Please reproduce all of the data below exactly, leaving each picture out.

[Data records]
────────────────

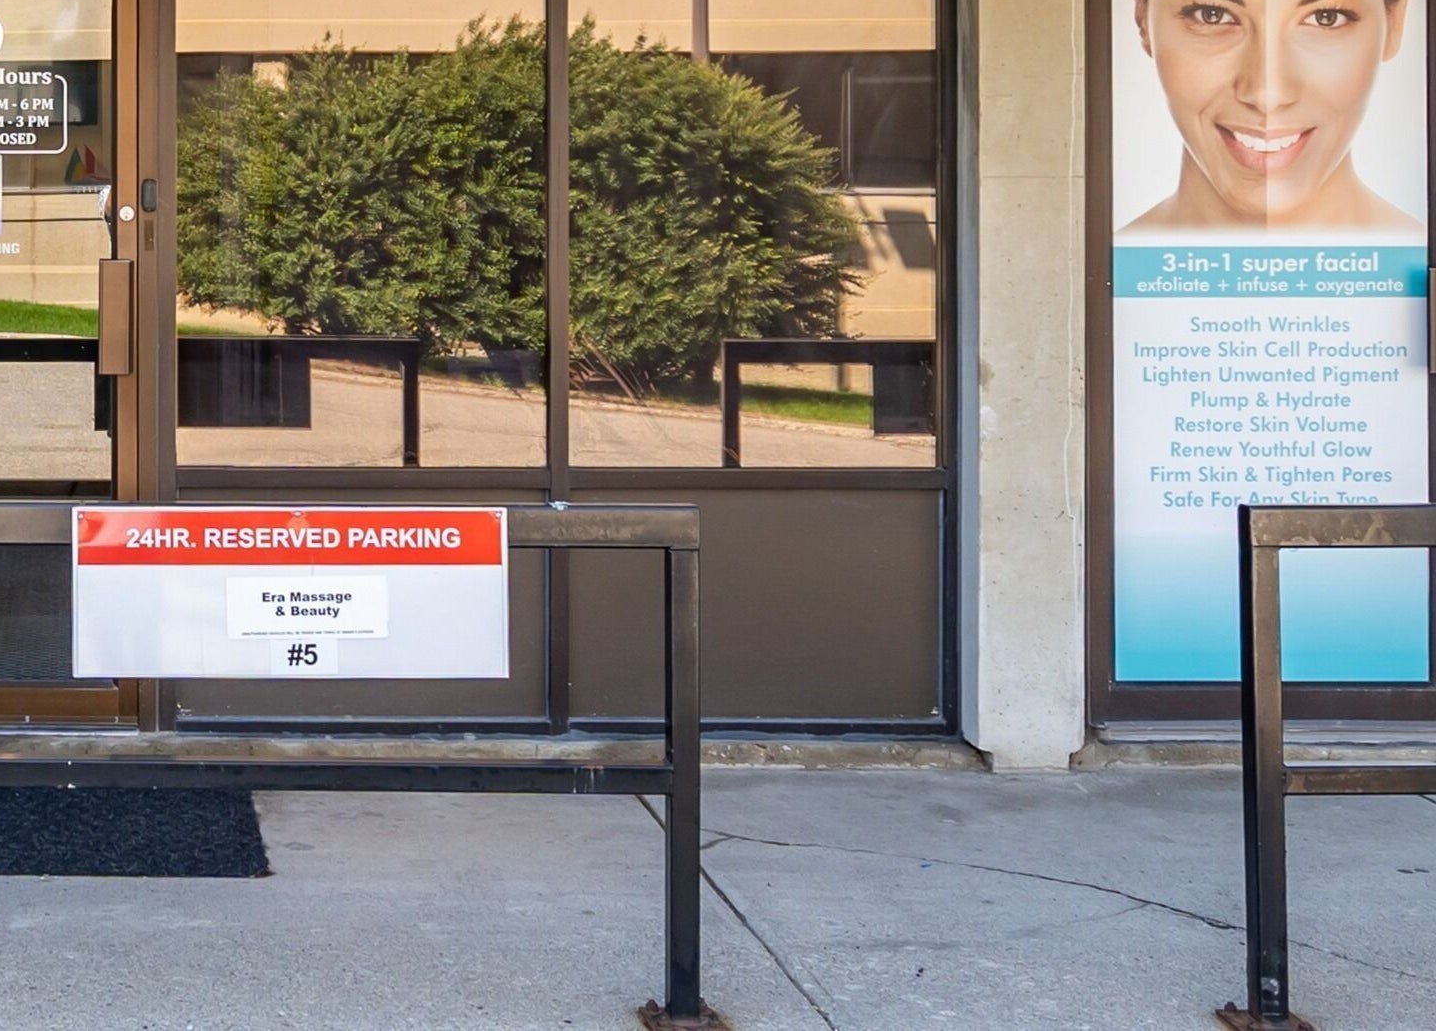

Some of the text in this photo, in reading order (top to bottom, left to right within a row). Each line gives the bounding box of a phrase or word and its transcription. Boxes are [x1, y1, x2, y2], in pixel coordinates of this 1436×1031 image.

[20, 98, 29, 111] 6
[32, 98, 54, 111] PM
[15, 115, 24, 128] 3
[26, 115, 49, 128] PM
[1162, 252, 1379, 276] 3-in-1 super facial
[1136, 277, 1404, 295] exfoliate + infuse + oxygenate
[1190, 317, 1350, 332] Smooth Wrinkles
[1133, 341, 1407, 361] Improve Skin Cell Production
[1142, 366, 1399, 386] Lighten Unwanted Pigment
[1190, 391, 1351, 411] Plump & Hydrate
[1174, 416, 1367, 433] Restore Skin Volume
[1170, 441, 1372, 458] Renew Youthful Glow
[1150, 466, 1392, 486] Firm Skin & Tighten Pores
[1163, 492, 1204, 507] Safe
[1211, 492, 1241, 507] For
[1248, 492, 1284, 503] Any
[1290, 491, 1330, 503] Skin
[126, 527, 461, 549] 24HR. RESERVED PARKING
[261, 591, 352, 605] Era Massage
[274, 605, 341, 618] & Beauty
[287, 643, 319, 666] #5
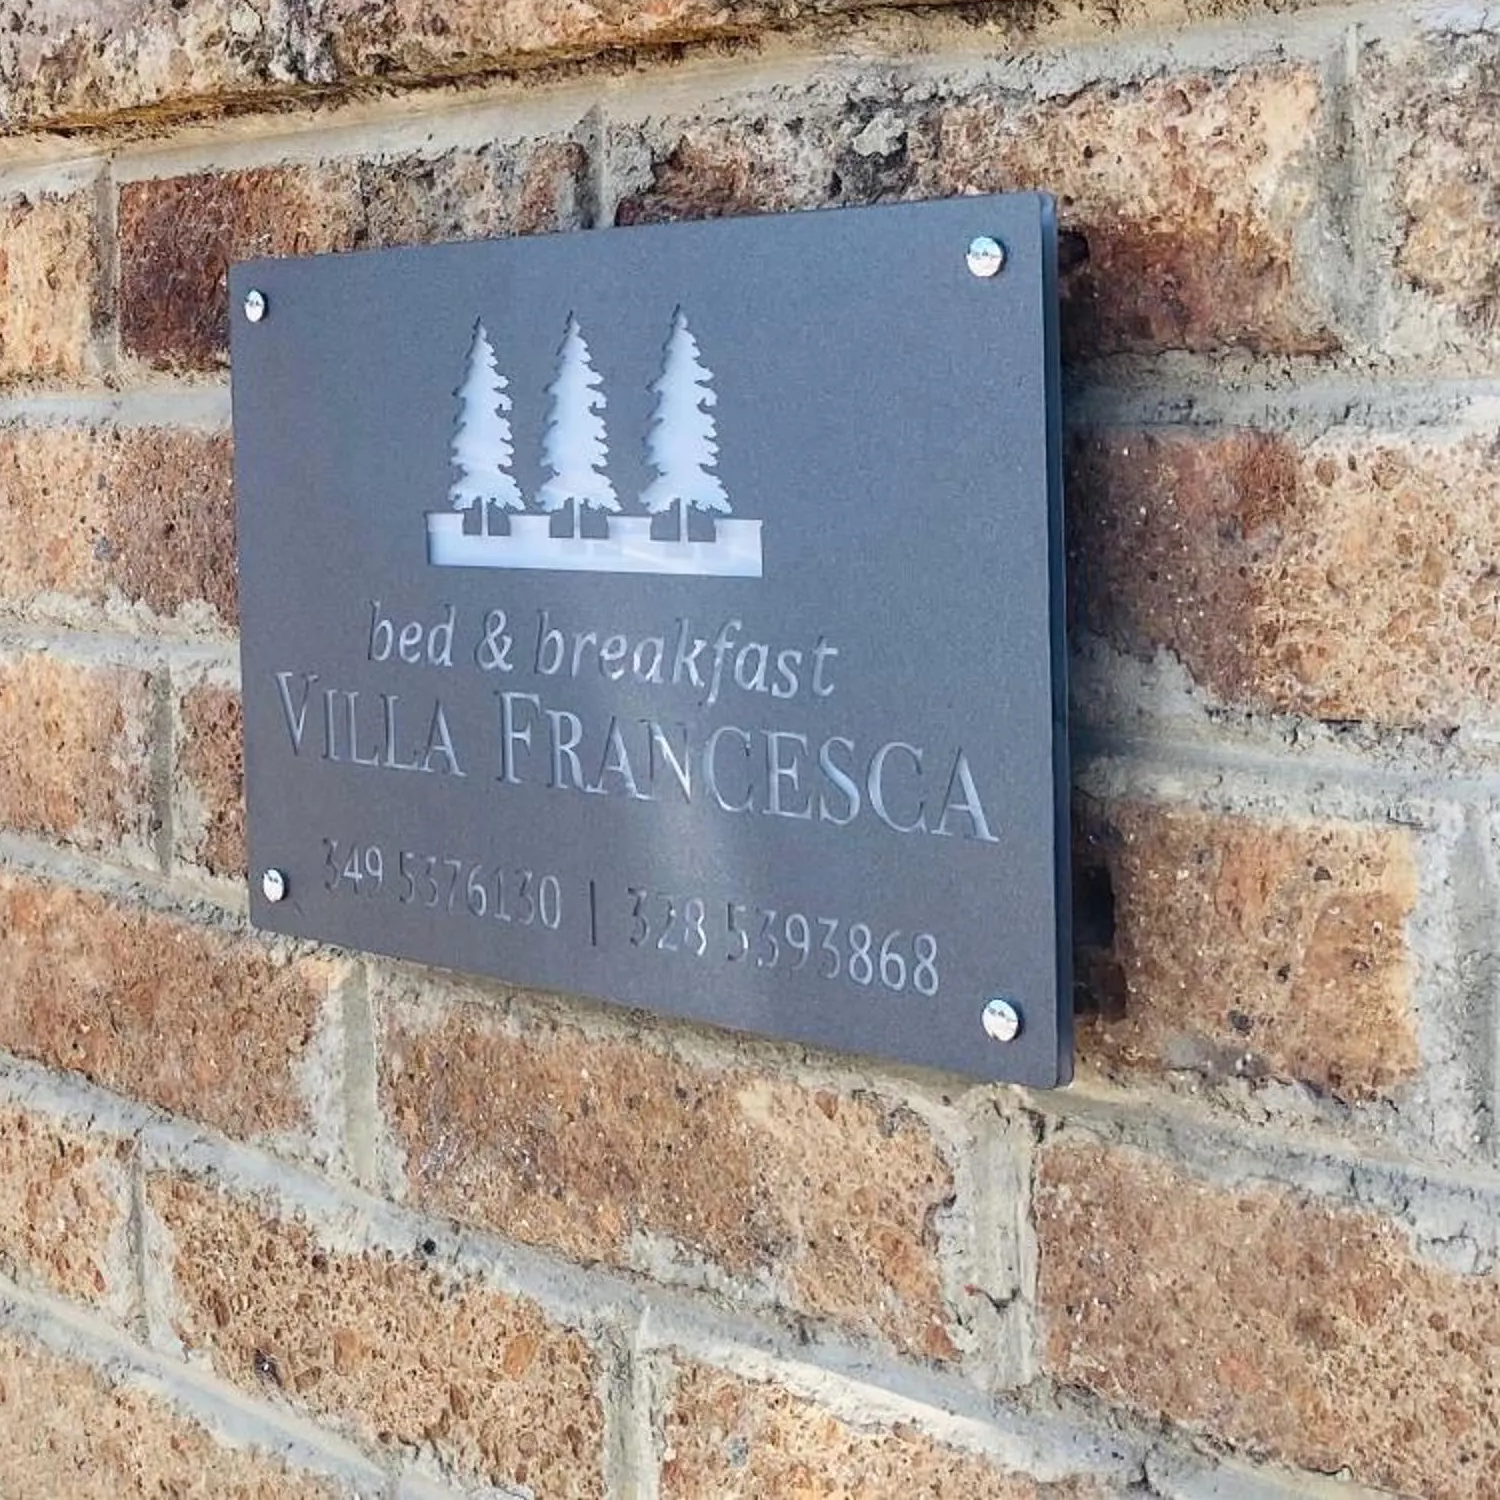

────────────────

> EXPECTED OUTPUT:
Some of the text in this photo, in reading order (top to bottom, left to right within a row). Each line gives the bounding box of a phrase or word and its transcription. Boxes are [x1, y1, x2, y2], in pixel coordinates of this 1436×1031 image.

[20, 98, 29, 111] 6
[32, 98, 54, 111] PM
[15, 115, 24, 128] 3
[26, 115, 49, 128] PM
[1162, 252, 1379, 276] 3-in-1 super facial
[1136, 277, 1404, 295] exfoliate + infuse + oxygenate
[1190, 317, 1350, 332] Smooth Wrinkles
[1133, 341, 1407, 361] Improve Skin Cell Production
[1142, 366, 1399, 386] Lighten Unwanted Pigment
[1190, 391, 1351, 411] Plump & Hydrate
[1174, 416, 1367, 433] Restore Skin Volume
[1170, 441, 1372, 458] Renew Youthful Glow
[1150, 466, 1392, 486] Firm Skin & Tighten Pores
[1163, 492, 1204, 507] Safe
[1211, 492, 1241, 507] For
[1248, 492, 1284, 503] Any
[1290, 491, 1330, 503] Skin
[126, 527, 461, 549] 24HR. RESERVED PARKING
[261, 591, 352, 605] Era Massage
[274, 605, 341, 618] & Beauty
[287, 643, 319, 666] #5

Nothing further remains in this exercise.